_REQUIRED ACTION:_ Every record below needs to be written out exactly, apart from the pictures.

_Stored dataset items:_
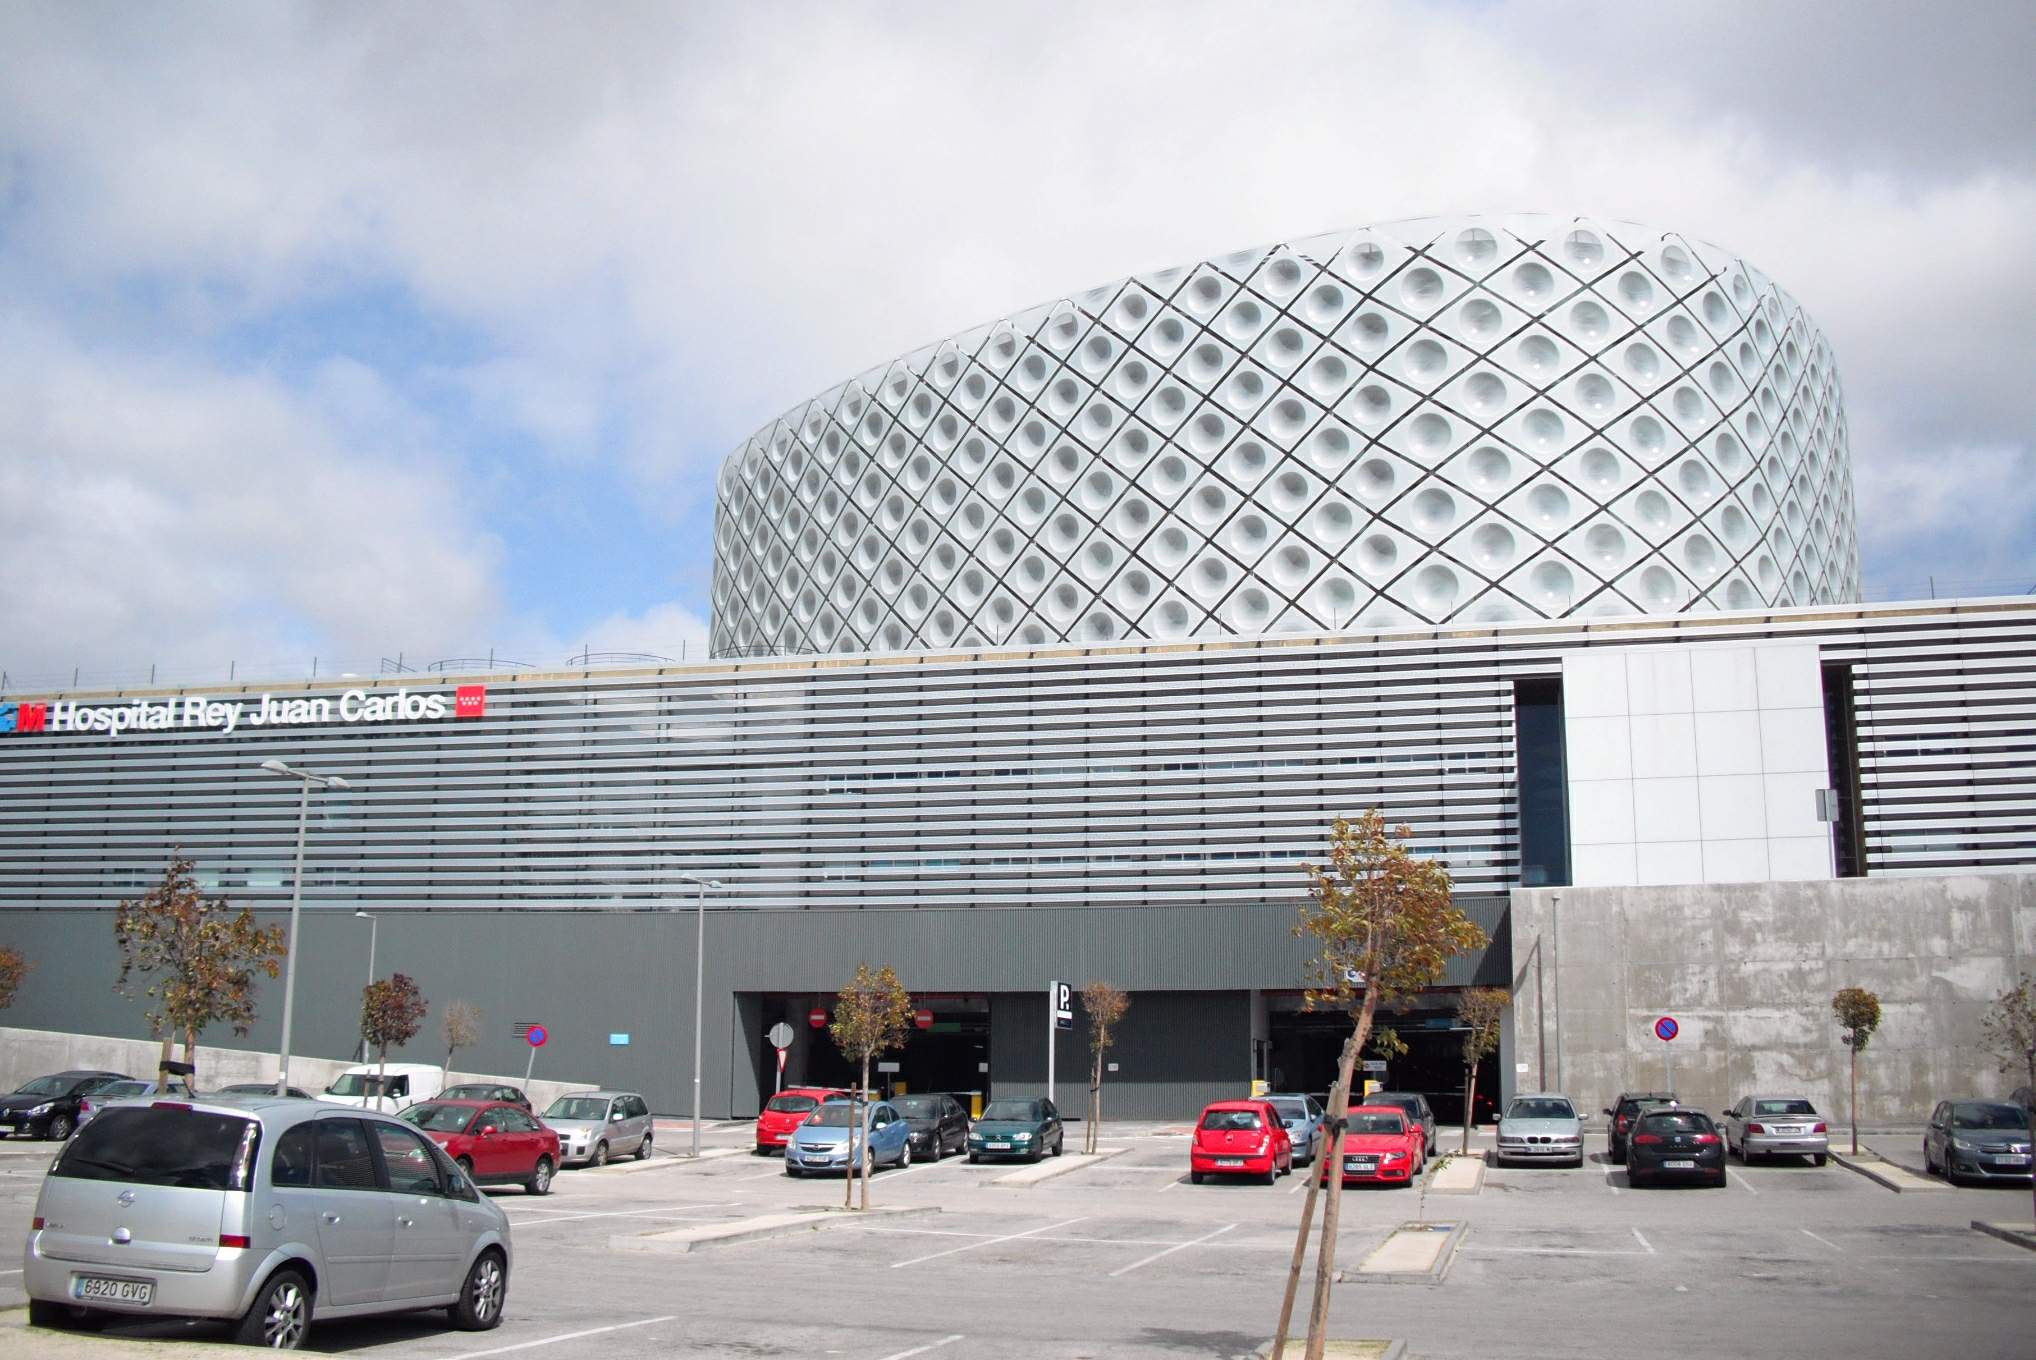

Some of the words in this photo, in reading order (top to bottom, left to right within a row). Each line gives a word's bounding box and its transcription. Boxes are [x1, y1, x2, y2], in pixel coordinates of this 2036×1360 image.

[52, 698, 176, 737] Hospital
[183, 697, 243, 734] Rey
[250, 694, 330, 725] Juan
[340, 688, 446, 722] Carlos
[85, 1280, 117, 1296] 6920
[122, 1284, 147, 1299] GVG
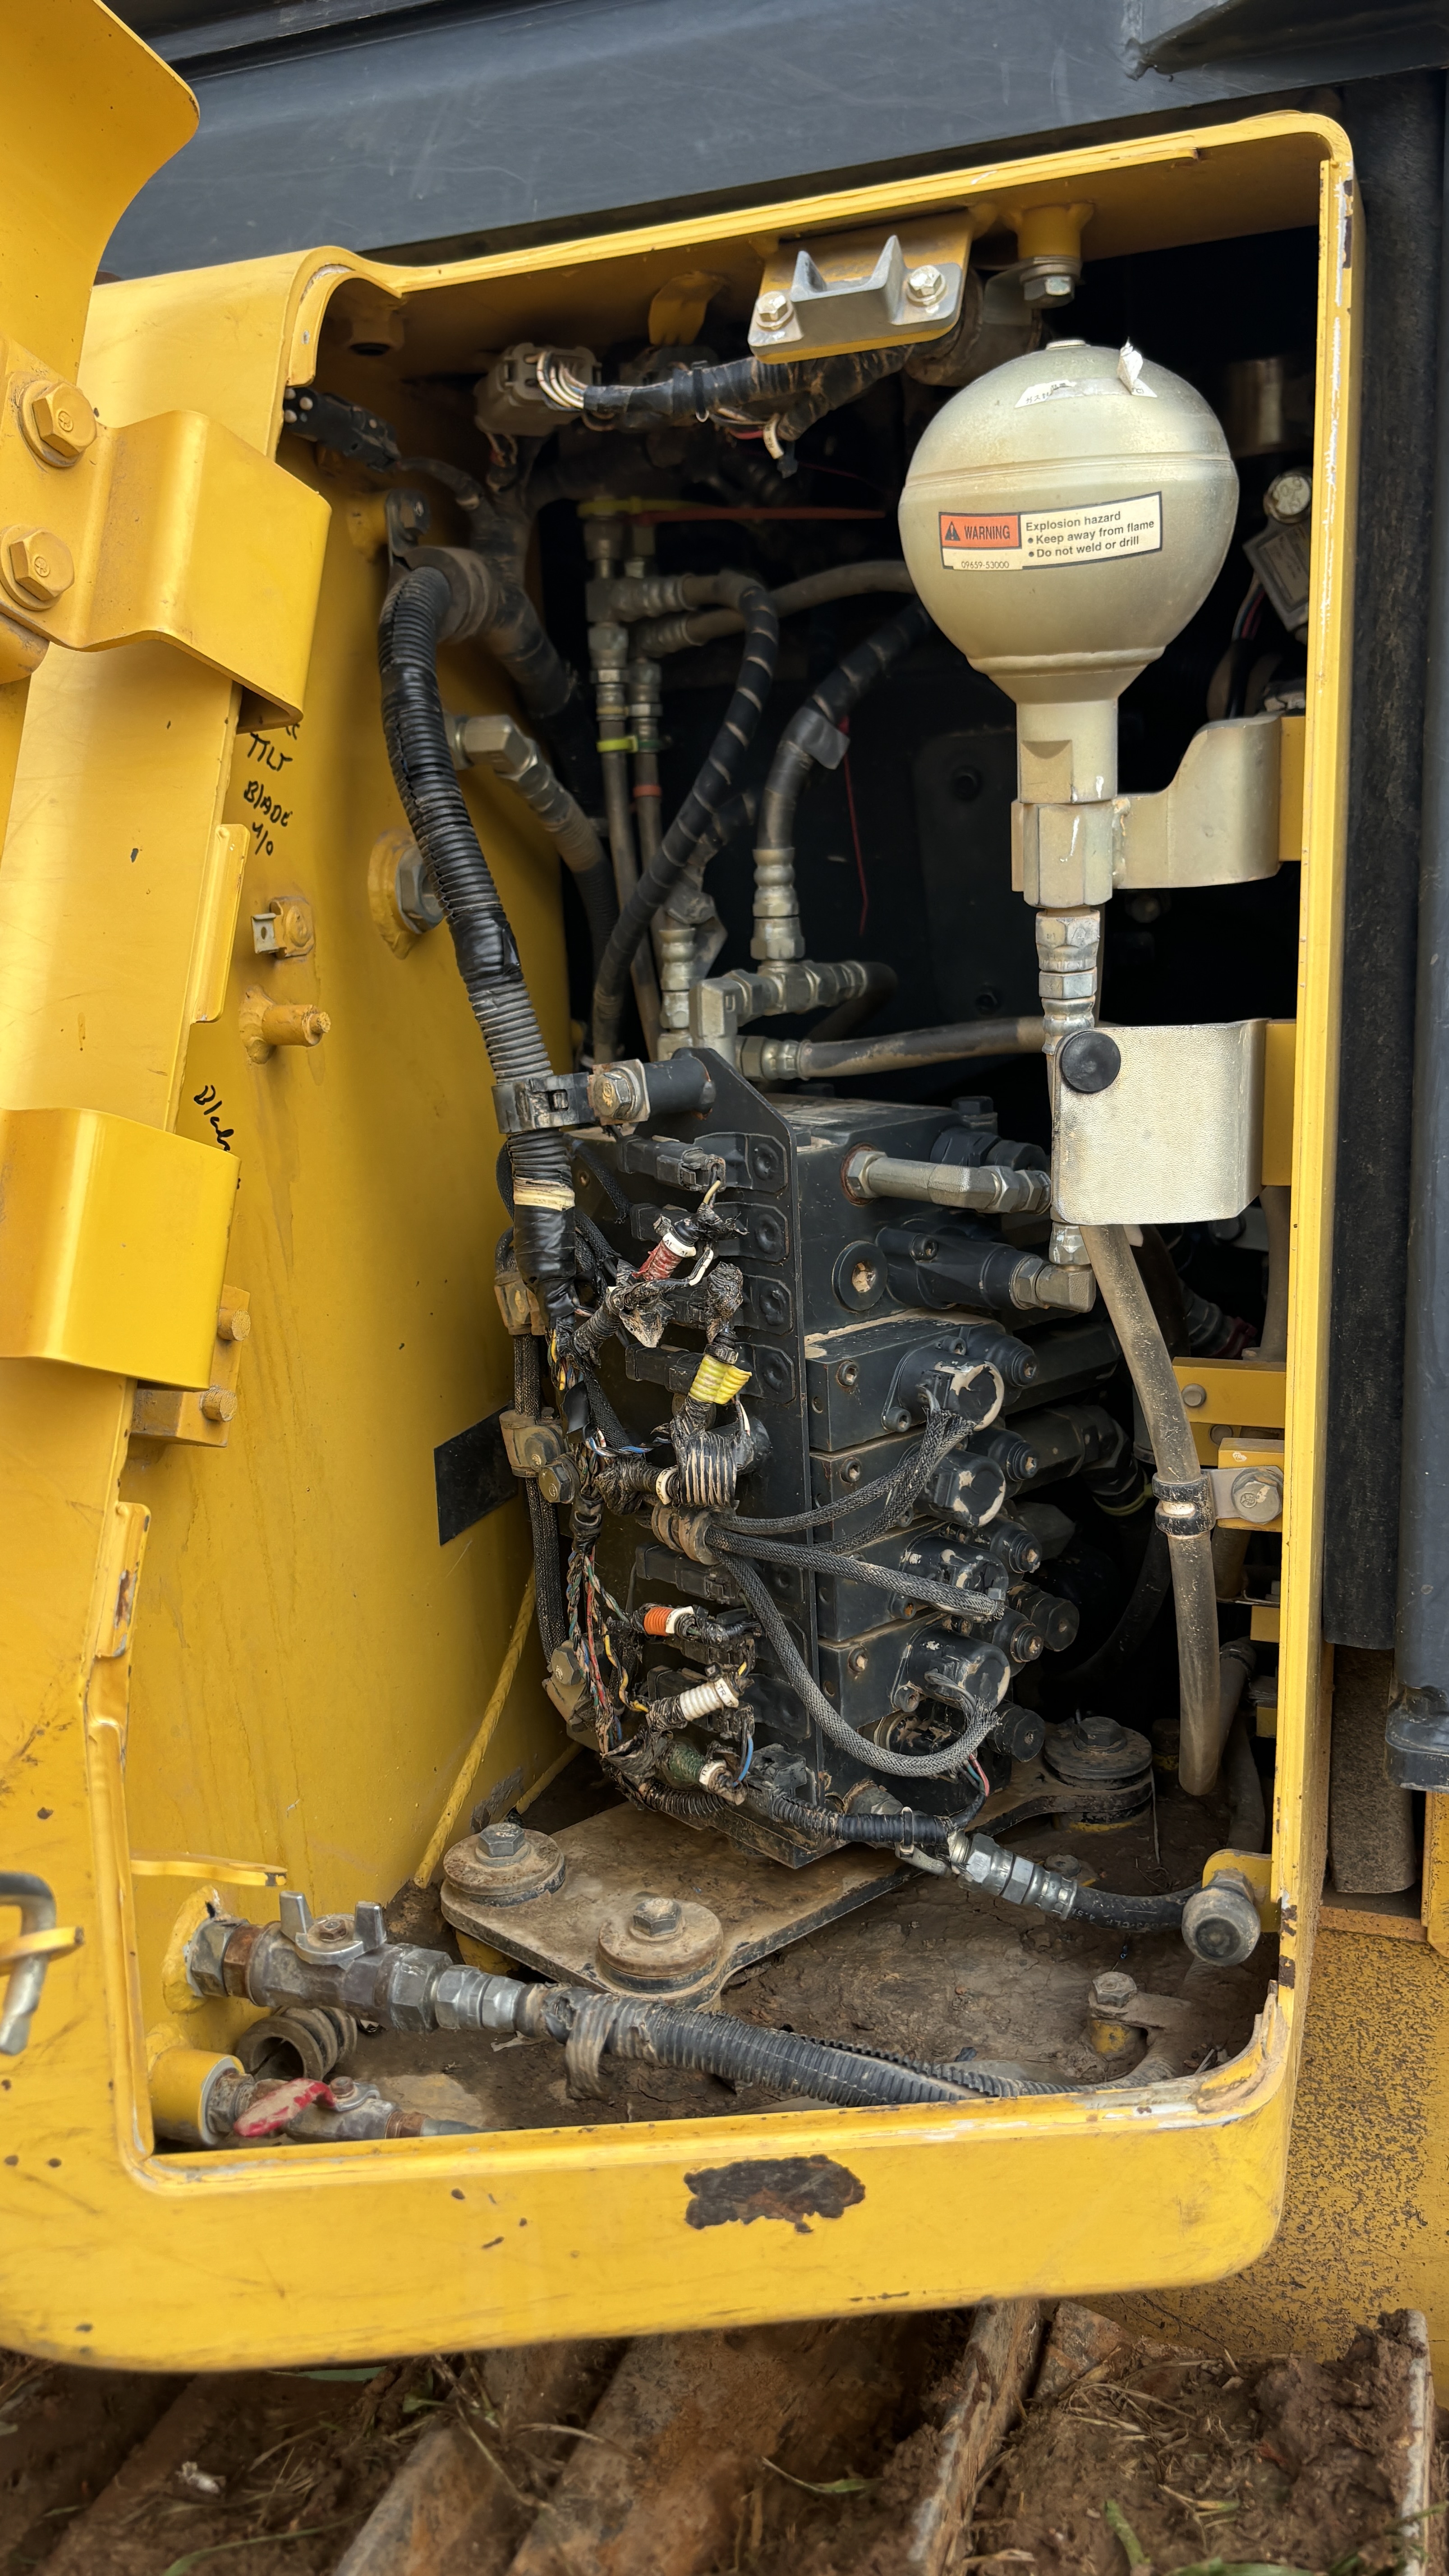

_SOLUTION:_
Some of the words in this photo, in reading order (top to bottom, left to right within a row). Each line gives a word's bounding box and its transcription. Boxes are [x1, y1, x2, y2], in pixel coordinates of this 2036×1360 image.

[52, 698, 176, 737] Hospital
[183, 697, 243, 734] Rey
[250, 694, 330, 725] Juan
[340, 688, 446, 722] Carlos
[85, 1280, 117, 1296] 6920
[122, 1284, 147, 1299] GVG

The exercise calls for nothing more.